The extension of brand management
Traditionally, in consumer research consumers were seen as individuals, who were eventually aggregated into market segments. Most multi-attribute models aiming at predicting purchase made that implicit assumption, for they were based on individual responses. One could argue that consumers are not isolated individuals: they belong to groups, tribes or communities, either stable or transient, durable or situational. In fact, the brand acquires meaning not through a summation of individual evaluations, but after a collective screening made of conversations within the reference groups, the community, where opinion leaders can play a determining role.
Along with advertising, new forms of behaviour have emerged through which brands are enacted, that is, they eventually ‘live’ their values with consumer communities in a non-commercial environment. Classical examples of this are the Michelin sponsored races around the world, or the Harley-Davidson rally where management and bikers meet once a year. The modern brand also animates communities created around itself or a topic (parenthood for Pampers, rock music for Jack Daniel’s). Internet sites, ‘fanzines’, hotlines, brand clubs and events, are the classic tools to implement this new attitude and share the brand values through servicing or animations.
The brand becomes ‘mediactive’, it helps its customers get in touch with each other, on the net or in reality through specific events. Building brand communities is now part of the scope of brand management (Hagel, 1999). For consumers, getting together and sharing experiences is another form of reward. Feather (2000) has identified four drivers of e-communities: they can be interest-based, transaction-based, relationship- based or fantasy-based. Each one determines a specific type of site, of content, of interaction between the brand and this very involved public; it goes beyond mere purchasing and looks for interactions with the brand and other customers. The customers are driven by the rewards of community interaction and transaction.
Activating the brand at contact
Most of our thinking about the role of advertising in supporting brands is based on the ‘bigbang model’ (Kapferer, 2001). At a time when there were few channels available, the core media could really be called mass media.

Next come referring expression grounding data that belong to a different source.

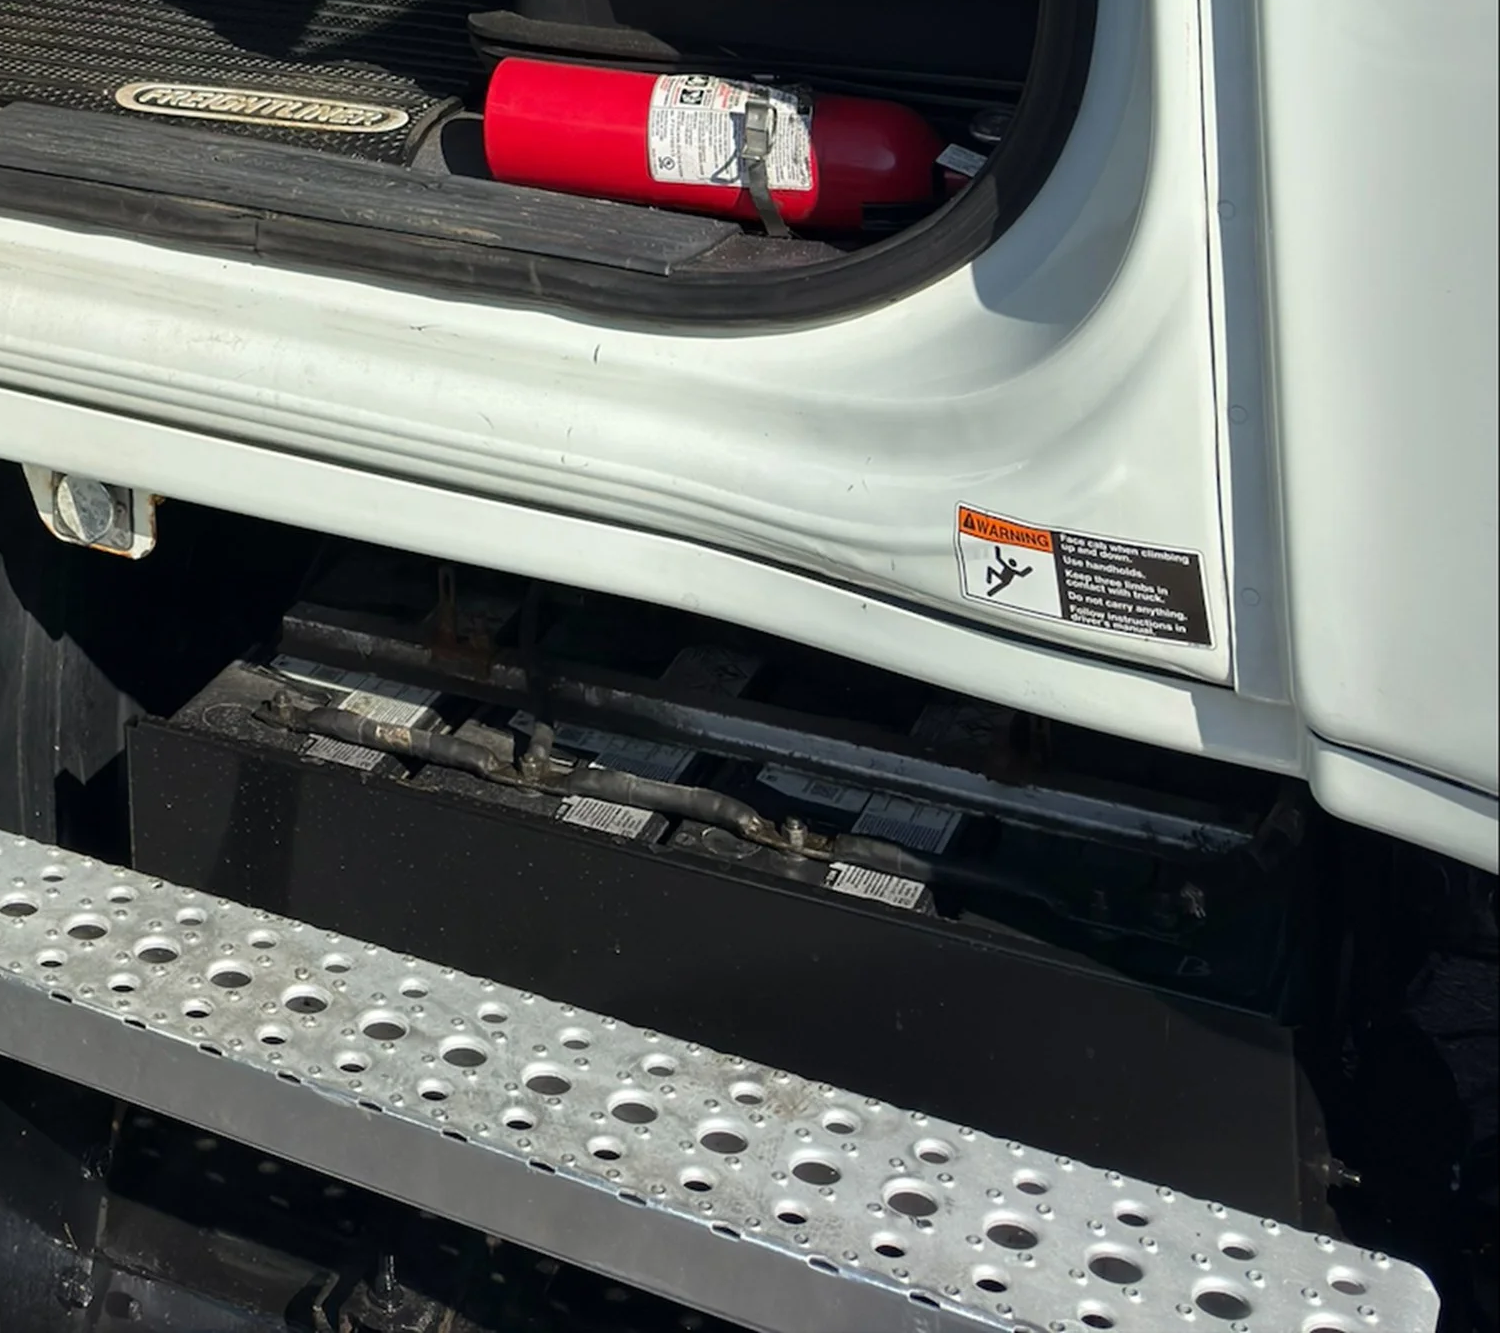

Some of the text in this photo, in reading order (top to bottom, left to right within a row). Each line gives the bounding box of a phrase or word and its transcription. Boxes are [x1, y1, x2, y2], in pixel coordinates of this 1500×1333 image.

[138, 89, 382, 125] FREIGHTLINER
[977, 520, 1049, 547] WARNING
[1059, 533, 1190, 565] Face cab when climbing
[1061, 544, 1133, 563] up and down.
[1063, 556, 1146, 579] Use handholds.
[1064, 569, 1169, 596] Keep three limbs in
[1066, 579, 1165, 603] contact with truck.
[1068, 591, 1187, 621] Do not carry anything.
[1070, 604, 1187, 634] Follow instructions in
[1071, 613, 1156, 636] driver's manual.

But attention is scarce and fragmented now, because there is such a diversity of available media channels, not to mention the internet.
The power and energy of the massive gross rating point (GRP) campaigns is fragmented. Down in the marketing channels, this energy arrives weakened. This is why it is necessary to recreate energy at contact. All brands must be concerned with the energisation of their value-transmitting chain, including prescribers, VIPs, opinion leaders, professionals, early triers, involved consumers and of course distributors. A brand that existed only on shelves and on television would seem remote and lack depth. One does not create relationships at a distance.

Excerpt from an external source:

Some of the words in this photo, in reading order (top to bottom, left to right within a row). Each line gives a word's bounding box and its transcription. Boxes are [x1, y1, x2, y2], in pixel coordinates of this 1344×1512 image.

As a consequence, all brands now must think of their activation plan:Acting within communities (like Vittel mineral water, which has developed partnerships with local sports clubs where consumers train).Acting on premises, at the point of the consumption, creating memorable collective experiences.Acting with prescribers (that is, those who recommend the brand to a user further down the channel), to foster their cause.Acting with virtual communities created around the brand. The brand must become a medium between the people in the community, real.